Background and Evolution of Local-First Data Architectures
Traditional project management and productivity tools rely heavily on centralized databases and cloud servers, which can create points of failure, vendor lock-in, and synchronization complexities. This evolution in data architecture is explained in the original analysis. The concept of local-first architecture emerged as a response, emphasizing local data storage that remains consistent and accessible offline. Threlmark’s implementation builds on these principles, treating the disk as the definitive contract, inspired by prior work on file-based data management and resilient sync strategies.
This approach aligns with broader trends toward open, transparent, and portable data systems, addressing limitations of proprietary formats and centralized infrastructure. While many tools have adopted local-first principles, Threlmark’s specific focus on treating disk as the contract, with explicit directory structures and atomic operations, marks a distinctive evolution in the space.
“Treating the disk as the contract fundamentally simplifies synchronization and enhances offline usability, making data more transparent and portable.”
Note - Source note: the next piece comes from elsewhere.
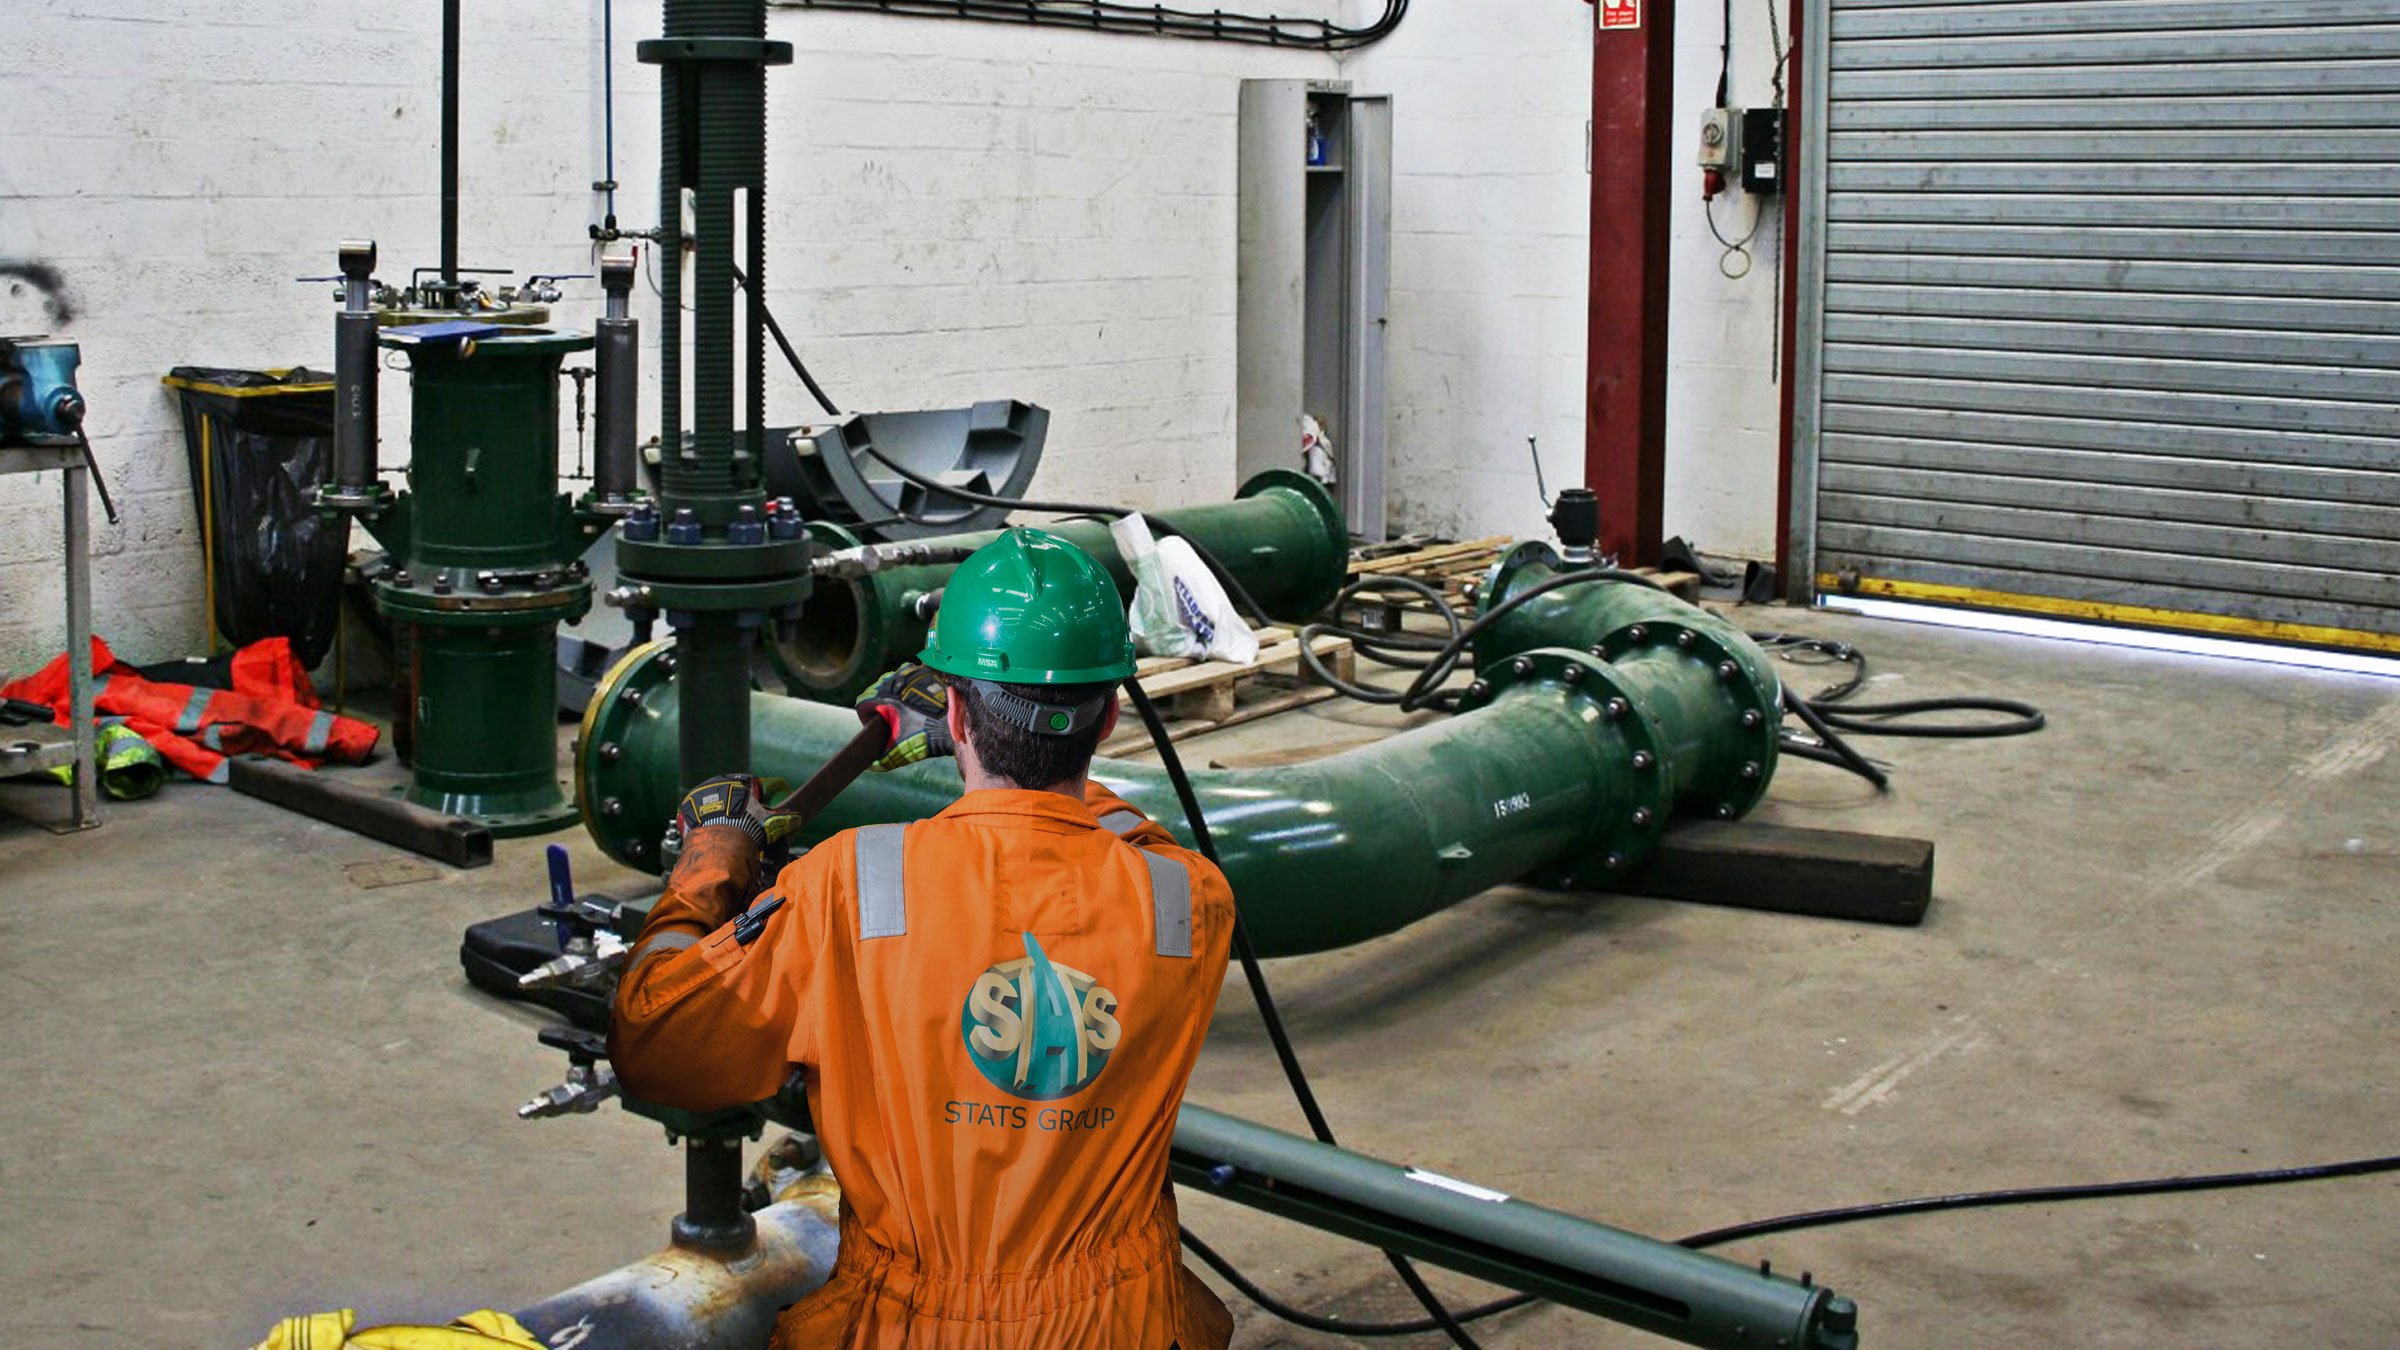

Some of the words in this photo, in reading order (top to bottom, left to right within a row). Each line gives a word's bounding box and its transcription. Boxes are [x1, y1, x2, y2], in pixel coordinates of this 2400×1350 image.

— Thorsten Meyer, Threlmark developer
Unresolved Challenges and Areas for Further Development
While the architecture offers clear benefits, it remains to be seen how well it scales with very large datasets or complex concurrency scenarios. Managing many small files can introduce filesystem overhead, and manual intervention may be needed to resolve conflicts. Additionally, the approach depends on strict adherence to directory contracts, which could be disrupted by manual edits or incompatible tools. The long-term robustness of self-healing mechanisms and conflict resolution strategies is still being tested in real-world use cases.
Next Steps for Threlmark’s Local-First System
Threlmark plans to refine conflict resolution and merge strategies, improve tooling for manual data inspection, and expand integration with external tools that adhere to the directory contract. Further user feedback and real-world testing will shape future developments, potentially including automated conflict detection and resolution, as well as enhanced documentation of directory structures. The project aims to demonstrate the approach’s scalability and robustness in diverse workflows.
Key Questions
How does Threlmark handle concurrent edits?
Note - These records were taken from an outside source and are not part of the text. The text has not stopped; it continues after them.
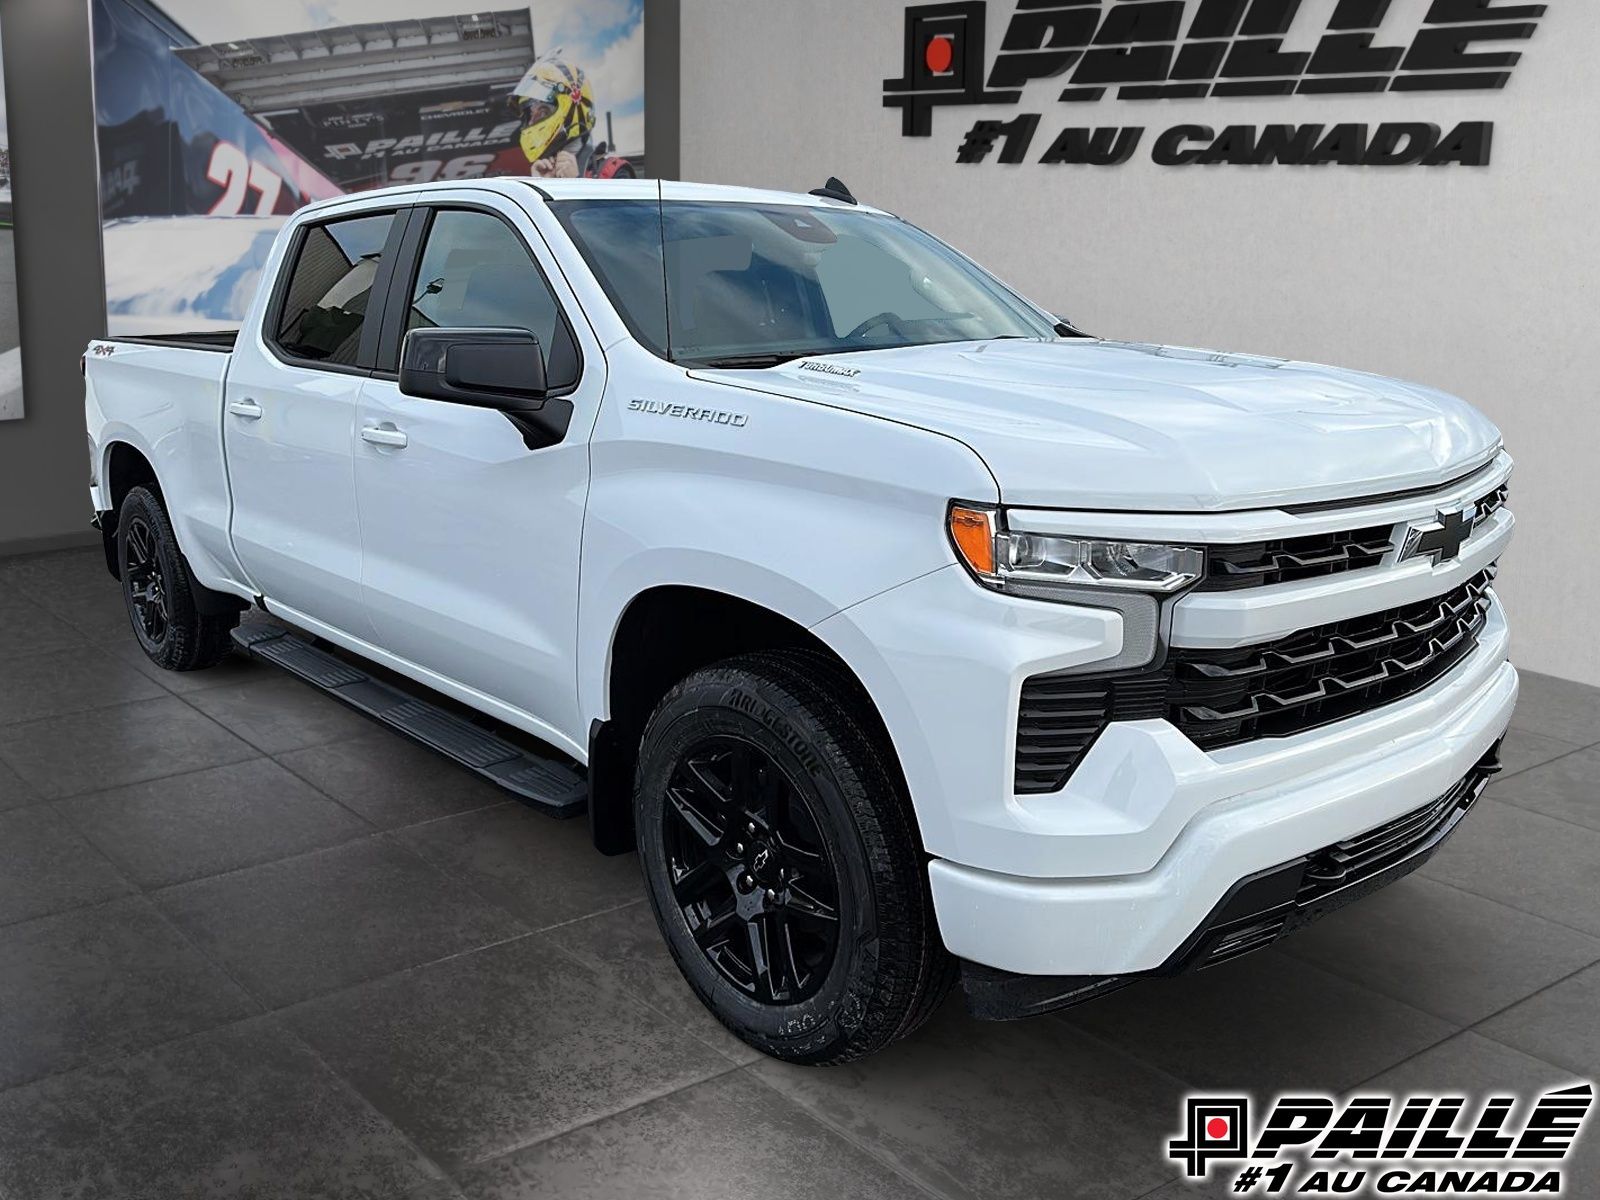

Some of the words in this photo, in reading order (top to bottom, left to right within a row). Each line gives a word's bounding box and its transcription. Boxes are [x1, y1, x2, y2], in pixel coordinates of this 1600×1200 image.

[420, 107, 491, 121] CHEVROLET
[391, 147, 420, 157] AU
[427, 137, 512, 152] CANADA
[955, 113, 1042, 165] #1
[1038, 126, 1145, 165] AU
[1150, 120, 1495, 167] CANADA
[207, 140, 283, 216] 27
[627, 399, 749, 427] SILVERADO
Threlmark employs atomic writes and tolerant merging to manage concurrent modifications. Each change is written to a temporary file before replacing the original, reducing corruption risk, while merging strategies aim to preserve data consistency.
Can I manually edit data files without breaking the system?
Yes, since data is stored in plain files within a structured directory, manual edits are possible. However, they should follow the established format and conventions to avoid conflicts or inconsistencies.
What are the main advantages of this architecture?
It enhances offline usability, simplifies synchronization, reduces vendor lock-in, and makes data transparent and portable. It also allows direct editing with simple tools like text editors.
What challenges does this approach face?
Managing many small files can introduce filesystem overhead, and conflict resolution in concurrent editing scenarios remains complex. Ensuring consistency across files is an ongoing challenge.
Is this approach suitable for large-scale or enterprise systems?
While promising for small to medium workflows, scalability and performance in large-scale environments are still under assessment. Further testing is needed to confirm its suitability for enterprise use cases.